I think it was our Woodstock. It changed everybody. It got black and white people talking together. For me it was a step in the battle of racism. In so many ways it brought people together who were uncomfortable talking to each other. You'd go to a rave and sit down and be talking to twenty people and you'd have twenty friends every single night. It was such a powerful medium and conduit for getting people together. I just feel it was special and magical in millions and millions of ways. It gave me a family, it gave me a reason to live, it was my religion, and I feel that it impacted on so many people and still does - look, I still make a living off this and have an incredible life from the impact of it.
In fact we're releasing some vinyl too. "Propa Dubs Volume 1" is coming on June 29th and exactly for this reason - there is a resurgence and I'm excited about it. I've got a lot of unreleased material from back in the day so the first release from Propa Dubs will be never-before-heard mixes of Hardstep from 1996 as well as the original.

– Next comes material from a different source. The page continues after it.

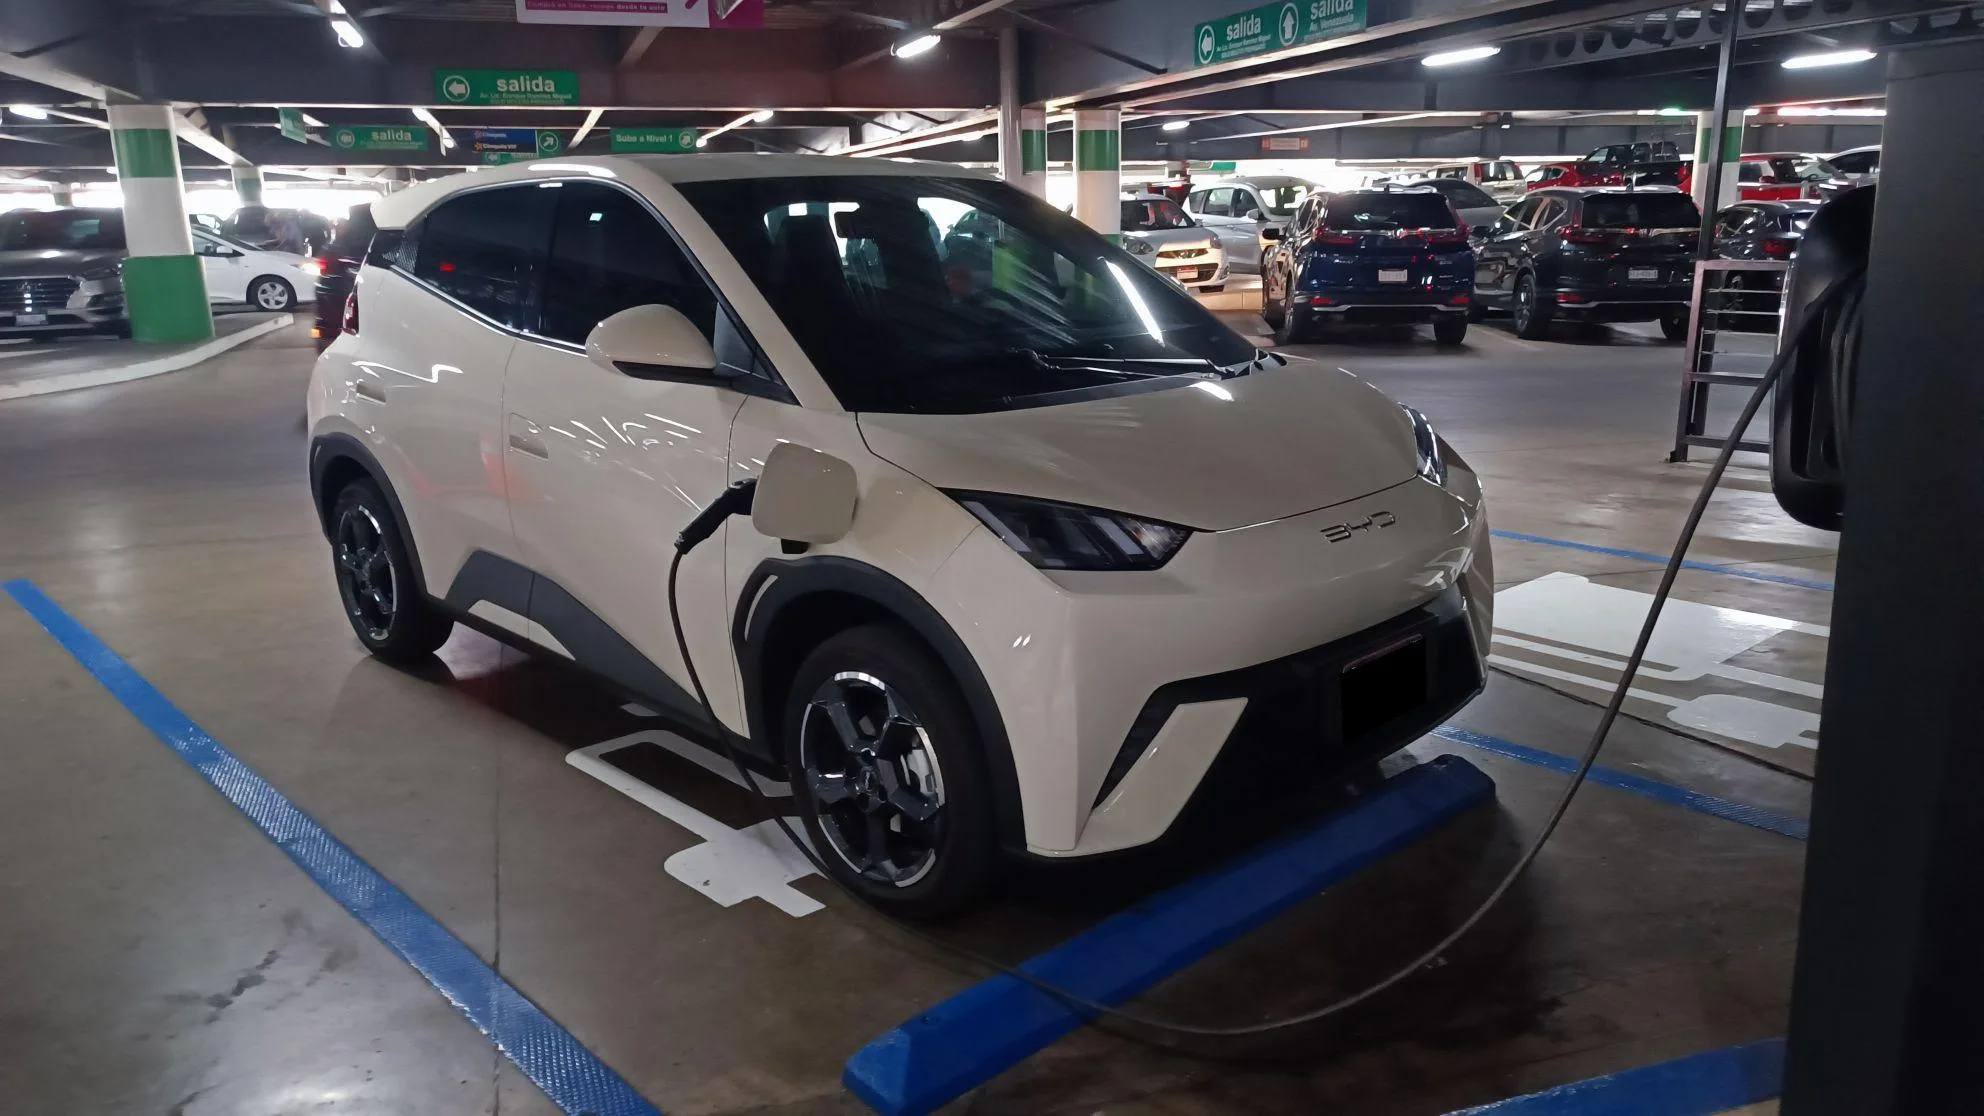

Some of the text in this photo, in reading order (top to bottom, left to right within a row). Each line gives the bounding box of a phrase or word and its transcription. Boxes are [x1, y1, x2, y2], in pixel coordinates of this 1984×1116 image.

I'm really excited to release Propa Dubs Vol 1 so we'll see what happens.
I play a few but I play a lot more modern gigs than I do old skool, so while I'm certainly more interested in new music I'm also happy to play older sets now and then! I'm a people DJ so I'll play whatever, but if someone said to me would you be happy just playing old skool sets? Then no. As an artist my job is to push the boundaries and explore everything I want to explore, so I'm happy to play old skool sets a couple of times a year but most of the time, like anybody, I'm interested in what's new and what's happening and that's very important to me.
Definitely, and I am going to be doing some more of that but I'm not sure if I if I can talk about it right now! Let's just say wait "watch this space"...
Well right now I'm focussing on the Propa Dubs Vol 1 release and a bunch of new music as well. It's nice to have some of your old stuff to introduce new fans to what made you famous and all that, but at the same time I'm really focused on the new sound which is very important to me. I'm also looking forward to coming back in June for Moondance and a bunch of other gigs as well. I'm just very, very grateful that there are a lot of good things coming my way...
So there you go... While there are people like Rap prepared to push boundaries, and willing to take risks, the scene will be in safe hands.
When you're a fan of someone's music there's always a sense of trepidation when you come to interview them. What if they're impatient? What if they're aloof? Your positive associations with their music could easily be tainted simply by catching them on an off day. In this case however, given the hectic day she was having, Charissa couldn't have been more obliging - the interview not once felt rushed or an inconvenience.
Fortunately my Spiritual Aura goosebumps can remain intact!